朔太とのささやかな試験終了お祝いのちゃんぽんを食べに行った。朔太は宣言通りギョーザを注文し、五つあるうちの二つを、お腹がいっぱいだからやると言って僕にくれた。会話の内容はもっぱら試験の出来栄えについてで、悲惨な出来栄えについてお互いに慰め合った。
昼食を済ませ、アパートに着く。玄関のドアを静かに閉める。スマホがブルっと震える。母さんからの電話だった。
『試験お疲れさま。正月帰ってくるでしょ? 食べたいものとかある?』
ついさっきご飯を食べたばかりだというのに、正月の食事を聞かれるとそれこそ何でもいいと答えたくなる。だが、自分が困ることを他人にしてはいけない。だから僕はちゃんと答えた。
「ハンバーグかな」
僕が瞬間的に思いついた料理だった。
『あれ、真琴、ハンバーグ嫌いじゃなかった? 挽き肉見てミミズみたいだから食べられないって小学生のときよく言ってたわよ』
「え? そんなこと言ってた?」
僕は幼少期の記憶に検索をかけたが、挽き肉をミミズ呼ばわりした記憶は一件もヒットしなかった。僕は首をかしげた。
『真琴も大人になったんだね。じゃあ食材用意しとくね』
「う、うん。ありがとう」
『そういえば、お父さんが真琴はいつ帰ってくるんだーって言ってるよ』
「正月には帰るって言っといて」
僕はなんだか嬉しくなった。正月が待ち遠しい。
十七時。
二週間ぶりのバイトだ。試験明けのバイト初日は、手の感覚が鈍ってうっかり皿を落としかねない。試験のときに感じる緊張感と同じくらいの緊張感を抱え、バイト着に着替えた。いつもより少し早めに洗い場に来たのは、洗い場の空気を体内に十二分に充填してから仕事に臨みたかったからだ。

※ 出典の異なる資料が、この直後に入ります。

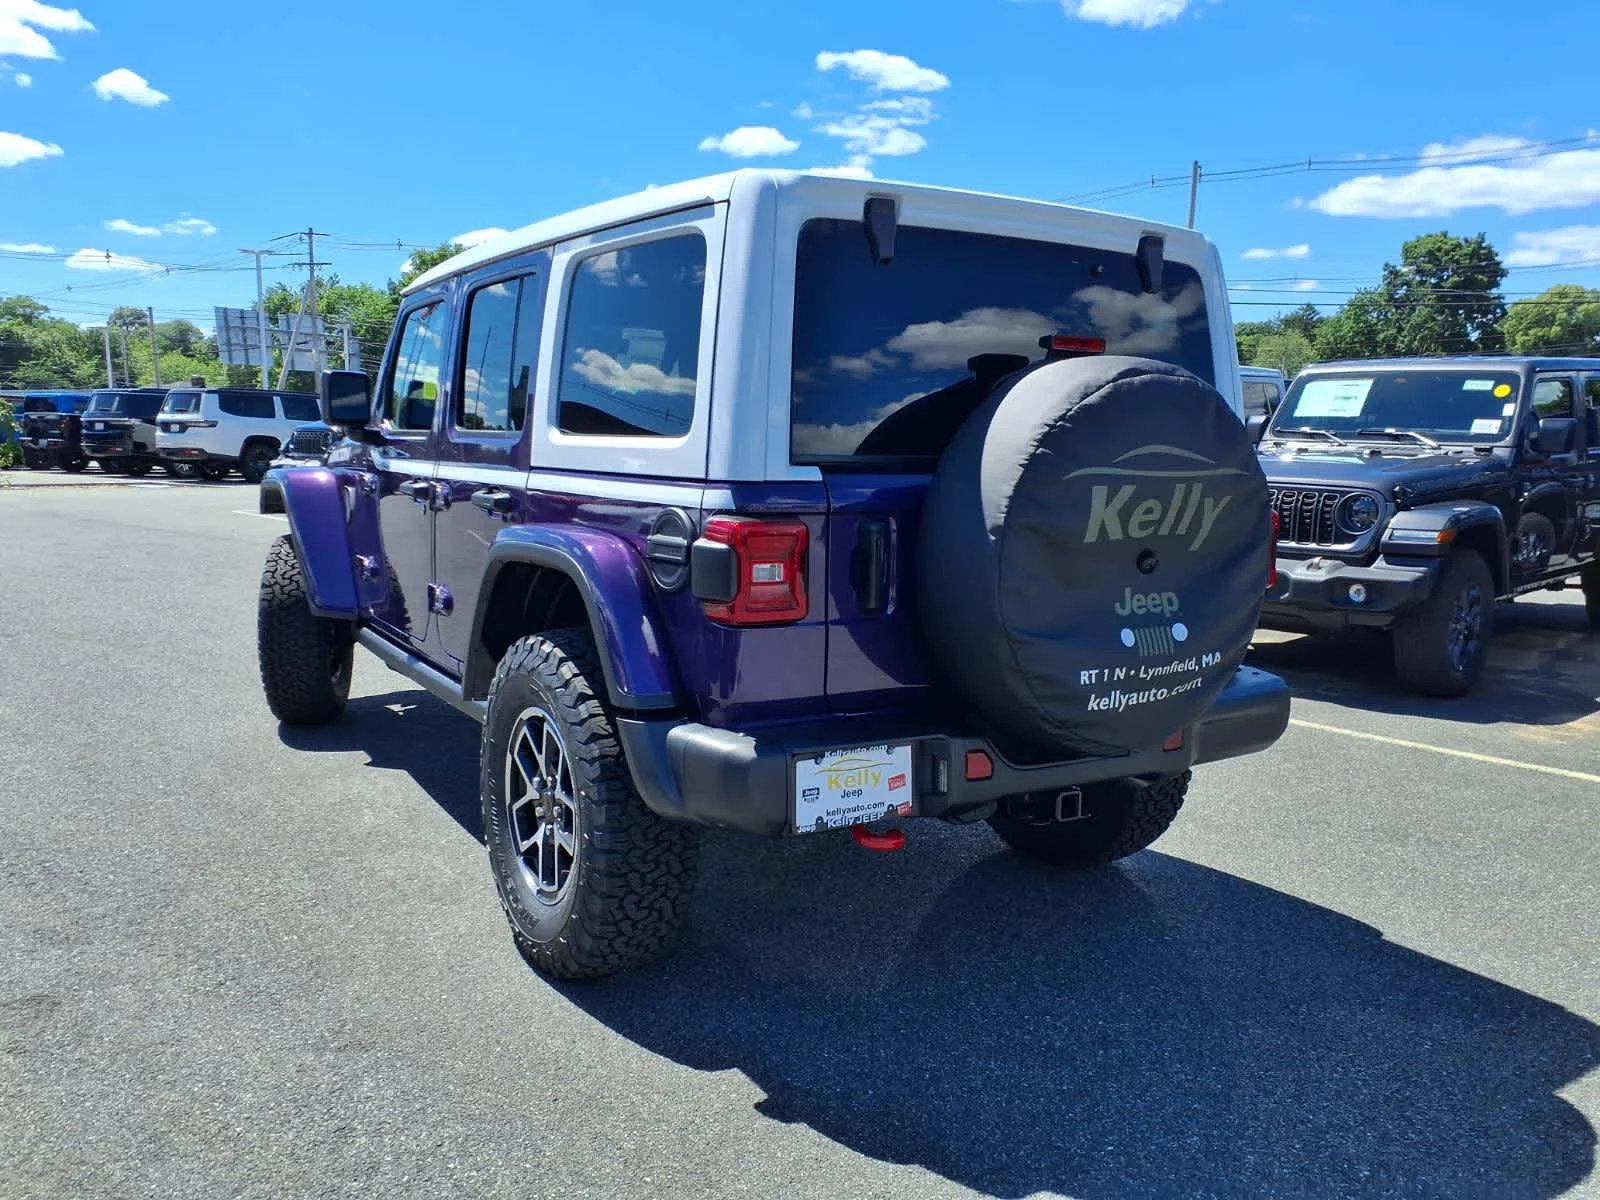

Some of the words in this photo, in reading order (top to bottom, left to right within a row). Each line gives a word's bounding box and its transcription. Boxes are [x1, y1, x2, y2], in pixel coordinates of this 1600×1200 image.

「どうしてこんなとこでそんな真剣に深呼吸やってるの?」
懐かしの三多さんの声。摩訶不思議なことに二週間ぶりに見る三多さんが、綺麗なお姉さんに見える。「美人は三日で飽きるよのお」と映画で見たおじさんが言っていた。ならば三日かそれ以上期間を空けて見るようにすれば、ずっと飽きずに美人を見ていられると試験明けはいつも考えてしまう。そんなことを口に出したら、明日の日の出が見られなくなる気がするので口にチャックをする。
「久しぶりのバイトなんで気合い入れてたんです」
「入れすぎじゃない?」
「入れすぎなくらいで丁度いいんです」
「でもほら、自転車の空気も入れすぎたら逆にパンクしやすくなるって」
三多さんは人差し指だけを上に向けて、上下に振り回しながら言った。おきまりのポーズだ。
「おはよう」
僕と三多さんの横を通り過ぎながら、島田さんが挨拶をする。
「おはようございます!」
僕は、島田さんを見て深呼吸で溜めに溜めた気合いを満遍なく詰め込んだ挨拶をした。
この一年間で島田さんとの距離は幾分か縮まり、少しだけ親しげな挨拶を交わすことができるようになった。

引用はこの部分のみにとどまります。